Sr Lis, who was pastoral associate in Southport parish from 2002 until 2015, said finishing in that role had opened the door to possibilities “where age doesn’t matter”.
It’s led her into grassroots ministry where she follows closely the example of Jesus in reaching out to the poor and the marginalised.
“And I’ve been particularly inspired by Pope Francis’ statement that ‘the Church must be the field hospital for the wounded’, and that has been my focus,” she said.
Apart from prison chaplaincy, Sr Lis in more recent years has moved into hospital chaplaincy as well and is relishing both.
She became involved in prison ministry soon after she moved to the Nerang parish in 2000.
“I heard there was a prison at Nerang, and the Church was doing nothing about it, so I decided I’d become involved,” she said.
“I went in with the attitude that they were women, just like I was, and it was a case of listening – listening to their stories – and then helping them and supporting them as they re-entered society.
“And some of them still keep in contact with me.”
Sr Lis said her aim with the people she met at the women’s prison “is always for them to forgive themselves and realise their dignity as women, and their potential as women”.

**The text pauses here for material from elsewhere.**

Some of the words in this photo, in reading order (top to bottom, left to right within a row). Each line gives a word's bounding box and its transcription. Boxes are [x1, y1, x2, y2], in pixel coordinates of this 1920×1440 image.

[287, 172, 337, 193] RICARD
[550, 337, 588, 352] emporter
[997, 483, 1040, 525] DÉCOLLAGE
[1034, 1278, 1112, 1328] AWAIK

“And, because they’ve made a mistake, it doesn’t have to govern the rest of their lives,” she said.
Just as she offered herself for prison ministry because there was a need, Sr Lis did the same with hospital ministry.
Centacare was seeking volunteers for hospital chaplaincy so she put up her hand to help out at Robina Hospital.
“I thought, ‘Well, if I’m doing prison chaplaincy, maybe I could try hospital chaplaincy as well’,” she said.
She mainly visits two aged-care wards, and, when asking Catholics if they wanted to receive Communion, many said “Oh, no, I was a Catholic but I couldn’t keep up with all the rules and the regulations, the negativity”.
“It worries me that here they are facing death with their negative attitude, and if the Church is meant to be ‘the field hospital for the wounded’, it seems to me that the people who are going to show the caring, compassionate face of Christ are the lay people, because (these patients) only see a priest if they’re dying, and these people are not going to ask for a priest,” she said.